(Text-to-region grounding data)
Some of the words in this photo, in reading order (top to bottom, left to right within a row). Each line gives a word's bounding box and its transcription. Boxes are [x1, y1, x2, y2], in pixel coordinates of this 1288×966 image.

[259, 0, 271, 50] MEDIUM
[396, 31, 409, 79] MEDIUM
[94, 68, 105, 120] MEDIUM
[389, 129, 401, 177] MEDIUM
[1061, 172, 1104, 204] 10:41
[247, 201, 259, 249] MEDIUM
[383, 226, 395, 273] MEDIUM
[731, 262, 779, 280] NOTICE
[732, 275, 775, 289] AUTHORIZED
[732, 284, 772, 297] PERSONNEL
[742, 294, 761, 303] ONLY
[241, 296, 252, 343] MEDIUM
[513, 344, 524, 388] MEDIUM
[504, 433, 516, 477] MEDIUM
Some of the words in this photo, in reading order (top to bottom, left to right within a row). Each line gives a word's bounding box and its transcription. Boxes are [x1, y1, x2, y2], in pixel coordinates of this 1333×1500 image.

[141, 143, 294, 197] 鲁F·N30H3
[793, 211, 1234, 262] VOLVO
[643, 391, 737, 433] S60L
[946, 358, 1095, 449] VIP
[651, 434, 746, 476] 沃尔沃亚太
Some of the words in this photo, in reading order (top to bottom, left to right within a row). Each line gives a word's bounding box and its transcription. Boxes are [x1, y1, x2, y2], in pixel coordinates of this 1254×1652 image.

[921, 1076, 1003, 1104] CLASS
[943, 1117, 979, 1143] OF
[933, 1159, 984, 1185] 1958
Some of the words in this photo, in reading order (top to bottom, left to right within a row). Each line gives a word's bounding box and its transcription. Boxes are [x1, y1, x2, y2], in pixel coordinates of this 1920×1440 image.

TASK STATEMENT
Return every record exactly as it was given.

ANSWER BOX
Some of the words in this photo, in reading order (top to bottom, left to right within a row). Each line gives a word's bounding box and its transcription. Boxes are [x1, y1, x2, y2], in pixel coordinates of this 1288×966 image.

[259, 0, 271, 50] MEDIUM
[396, 31, 409, 79] MEDIUM
[94, 68, 105, 120] MEDIUM
[389, 129, 401, 177] MEDIUM
[1061, 172, 1104, 204] 10:41
[247, 201, 259, 249] MEDIUM
[383, 226, 395, 273] MEDIUM
[731, 262, 779, 280] NOTICE
[732, 275, 775, 289] AUTHORIZED
[732, 284, 772, 297] PERSONNEL
[742, 294, 761, 303] ONLY
[241, 296, 252, 343] MEDIUM
[513, 344, 524, 388] MEDIUM
[504, 433, 516, 477] MEDIUM
Some of the words in this photo, in reading order (top to bottom, left to right within a row). Each line gives a word's bounding box and its transcription. Boxes are [x1, y1, x2, y2], in pixel coordinates of this 1333×1500 image.

[141, 143, 294, 197] 鲁F·N30H3
[793, 211, 1234, 262] VOLVO
[643, 391, 737, 433] S60L
[946, 358, 1095, 449] VIP
[651, 434, 746, 476] 沃尔沃亚太
Some of the words in this photo, in reading order (top to bottom, left to right within a row). Each line gives a word's bounding box and its transcription. Boxes are [x1, y1, x2, y2], in pixel coordinates of this 1254×1652 image.

[921, 1076, 1003, 1104] CLASS
[943, 1117, 979, 1143] OF
[933, 1159, 984, 1185] 1958
Some of the words in this photo, in reading order (top to bottom, left to right within a row). Each line gives a word's bounding box and its transcription. Boxes are [x1, y1, x2, y2], in pixel coordinates of this 1920×1440 image.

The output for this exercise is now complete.